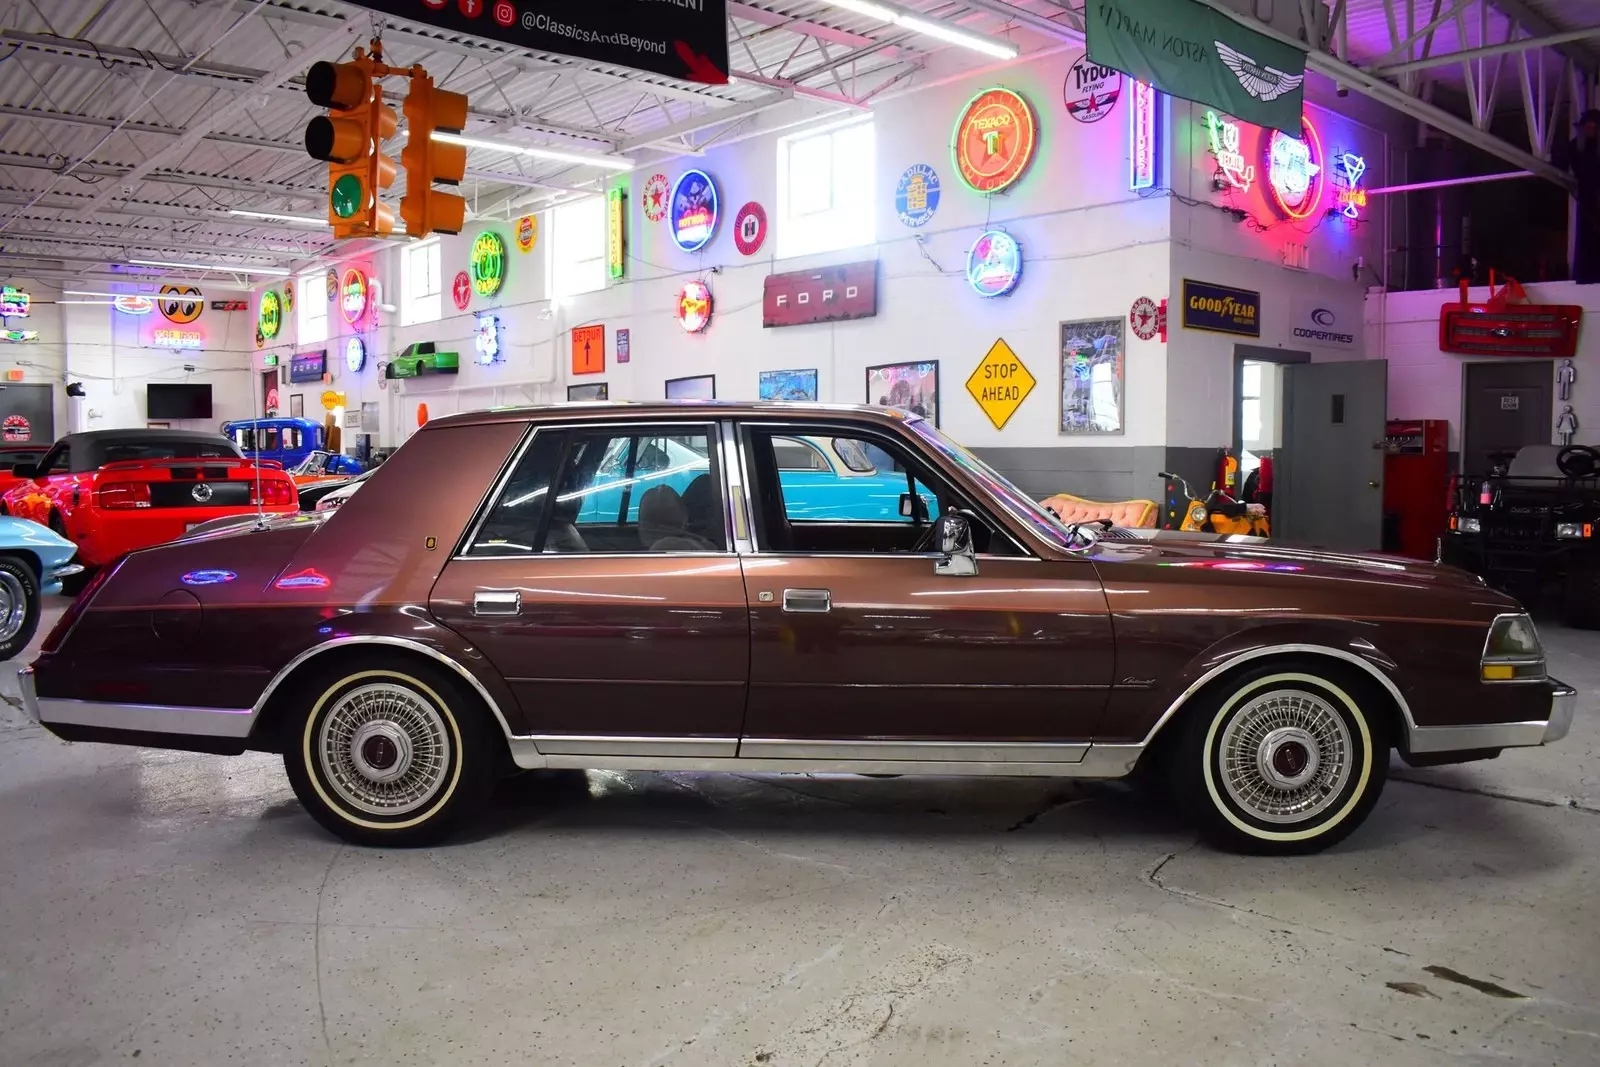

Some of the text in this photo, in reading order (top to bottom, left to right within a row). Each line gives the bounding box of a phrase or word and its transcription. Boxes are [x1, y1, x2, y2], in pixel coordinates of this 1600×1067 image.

[521, 11, 667, 55] @ClassicsAndBeyond
[1082, 81, 1104, 93] FLYING
[971, 114, 1010, 129] TEXACO
[898, 165, 938, 190] CADILLAC
[899, 206, 935, 227] SERVICE
[776, 286, 858, 307] FORD
[573, 328, 601, 343] DETOUR
[293, 363, 319, 372] FORD
[984, 363, 1018, 379] STOP
[981, 385, 1020, 402] AHEAD
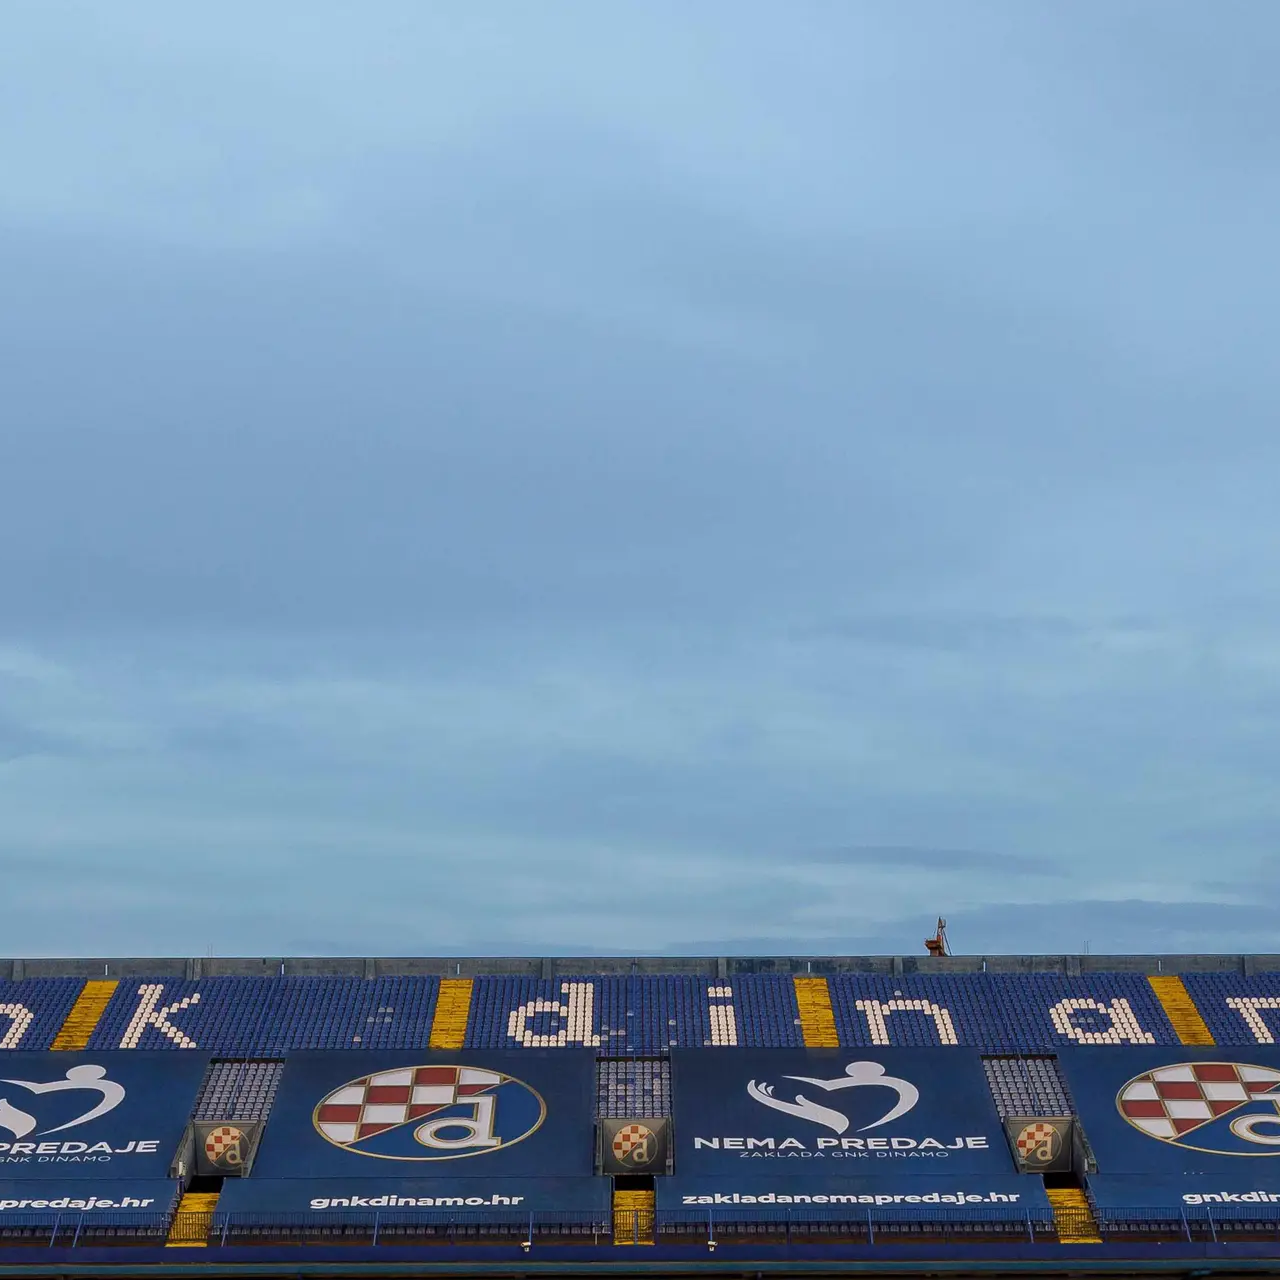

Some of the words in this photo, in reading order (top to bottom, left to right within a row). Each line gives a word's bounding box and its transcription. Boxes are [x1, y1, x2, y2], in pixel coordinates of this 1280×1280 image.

[695, 1137, 805, 1150] NEMA
[816, 1136, 989, 1150] PREDAJE
[311, 1195, 523, 1208] gnkdinamo.hr
[683, 1192, 1019, 1205] zakladanemapredaje.hr
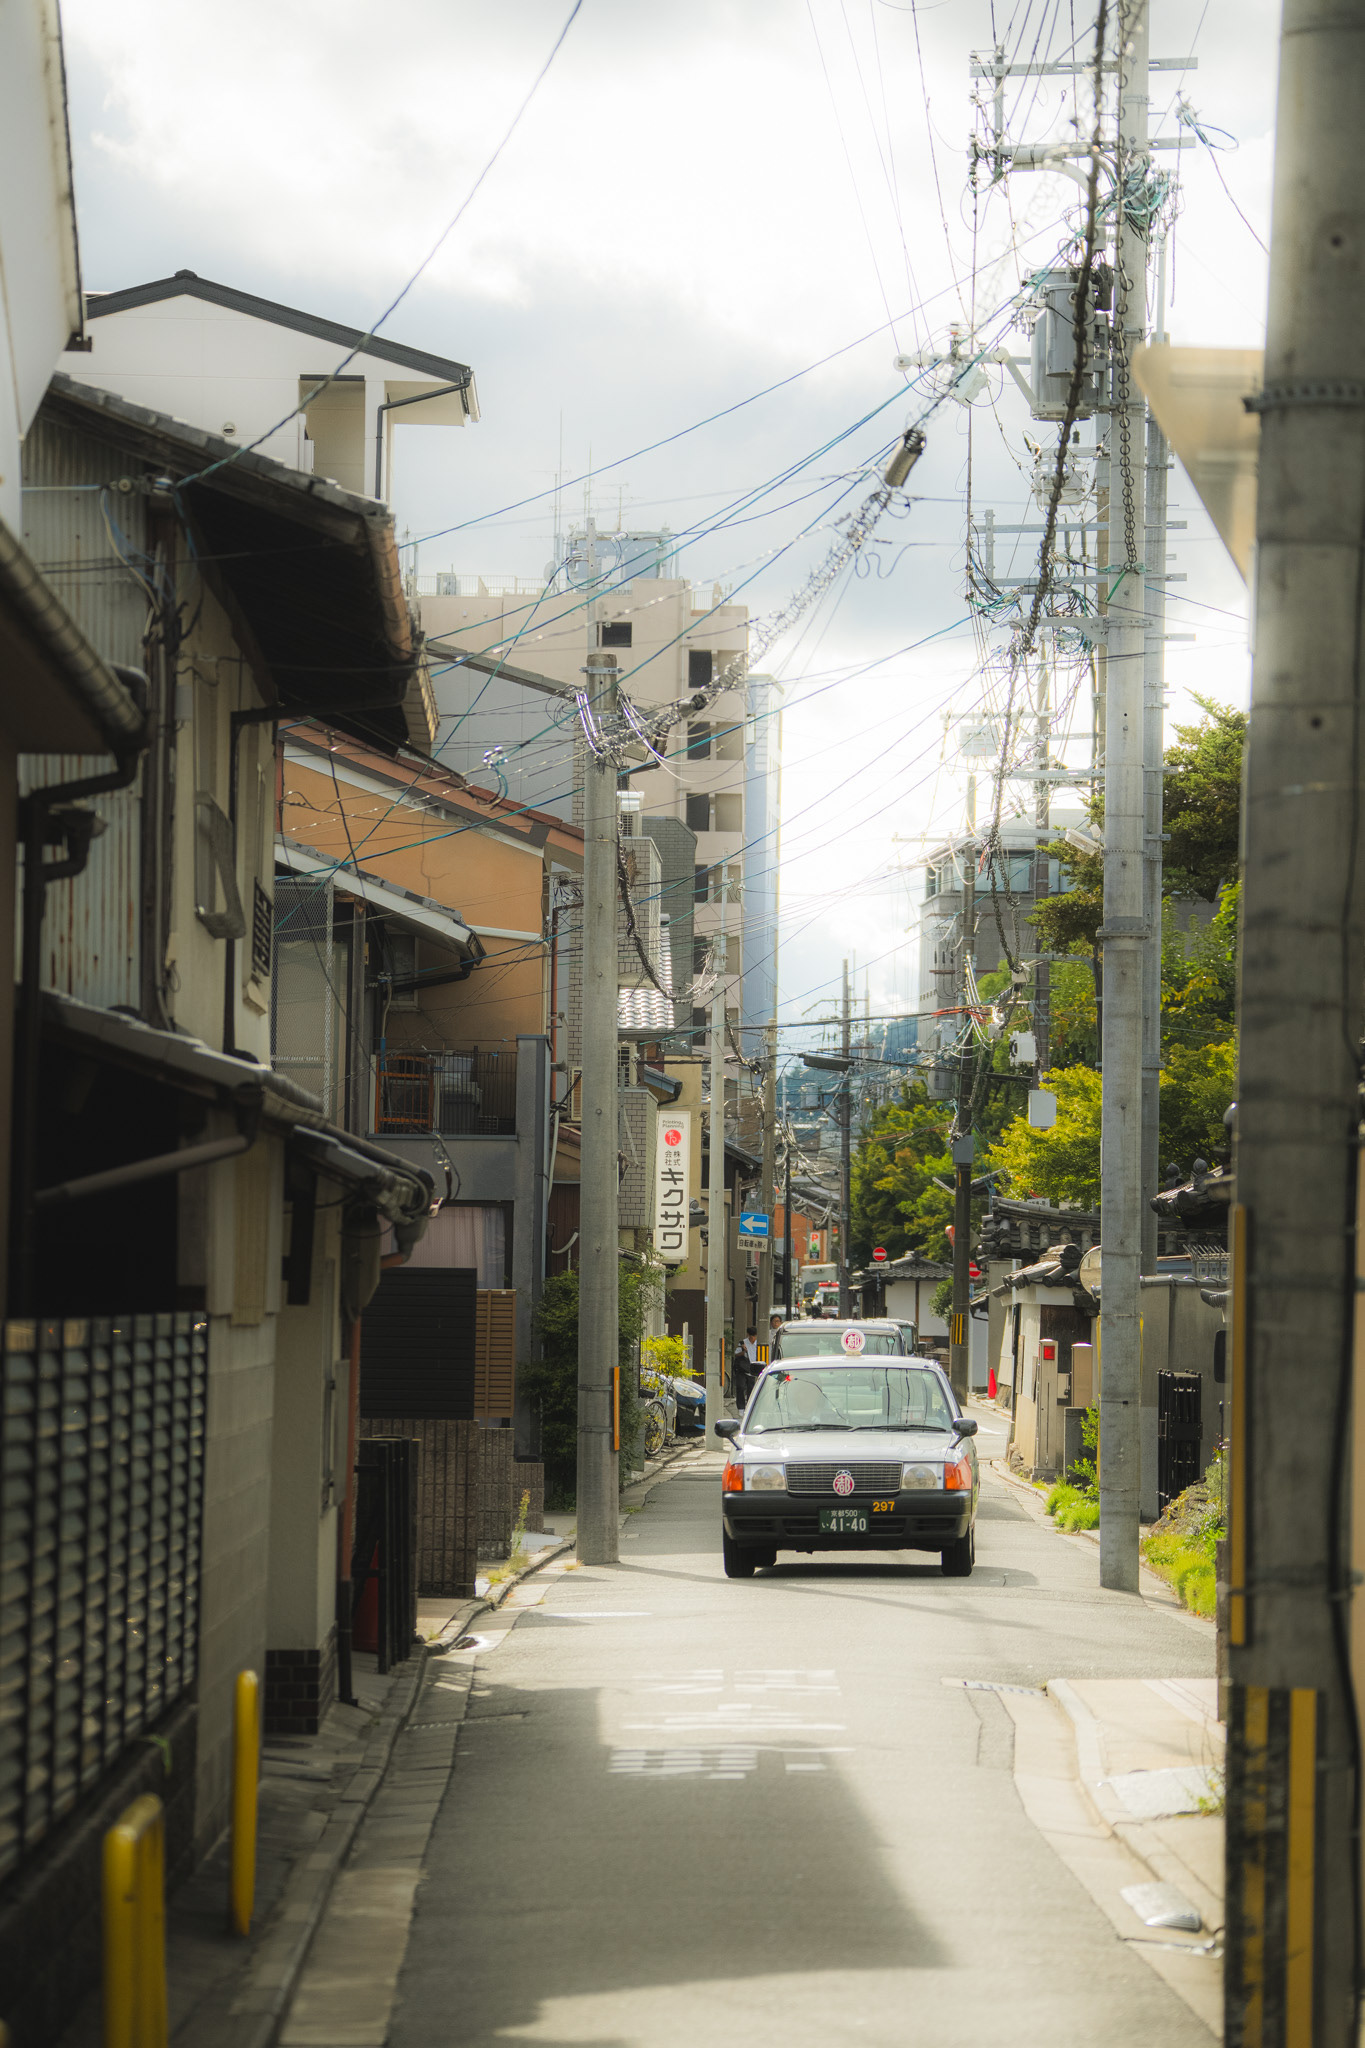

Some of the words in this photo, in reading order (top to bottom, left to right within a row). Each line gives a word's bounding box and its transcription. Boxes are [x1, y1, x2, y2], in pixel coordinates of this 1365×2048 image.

[659, 1167, 685, 1250] キクザワ
[739, 1238, 766, 1249] 自転車を除く
[811, 1234, 819, 1242] P
[835, 1478, 852, 1493] 都
[872, 1501, 895, 1512] 297

○ ○ ○

WHAT IS EXPECTED :: Give back the material above exactly, but without its images.

RESULT OF THE TASK ::
Some of the text in this photo, in reading order (top to bottom, left to right within a row). Each line gives the bounding box of a phrase or word and its transcription. Boxes are [x1, y1, x2, y2], in pixel coordinates of this 1600×1067 image.

[521, 11, 667, 55] @ClassicsAndBeyond
[1082, 81, 1104, 93] FLYING
[971, 114, 1010, 129] TEXACO
[898, 165, 938, 190] CADILLAC
[899, 206, 935, 227] SERVICE
[776, 286, 858, 307] FORD
[573, 328, 601, 343] DETOUR
[293, 363, 319, 372] FORD
[984, 363, 1018, 379] STOP
[981, 385, 1020, 402] AHEAD

Some of the words in this photo, in reading order (top to bottom, left to right within a row). Each line gives a word's bounding box and its transcription. Boxes are [x1, y1, x2, y2], in pixel coordinates of this 1280×1280 image.

[695, 1137, 805, 1150] NEMA
[816, 1136, 989, 1150] PREDAJE
[311, 1195, 523, 1208] gnkdinamo.hr
[683, 1192, 1019, 1205] zakladanemapredaje.hr

Some of the words in this photo, in reading order (top to bottom, left to right within a row). Each line gives a word's bounding box and its transcription. Boxes are [x1, y1, x2, y2], in pixel coordinates of this 1365×2048 image.

[659, 1167, 685, 1250] キクザワ
[739, 1238, 766, 1249] 自転車を除く
[811, 1234, 819, 1242] P
[835, 1478, 852, 1493] 都
[872, 1501, 895, 1512] 297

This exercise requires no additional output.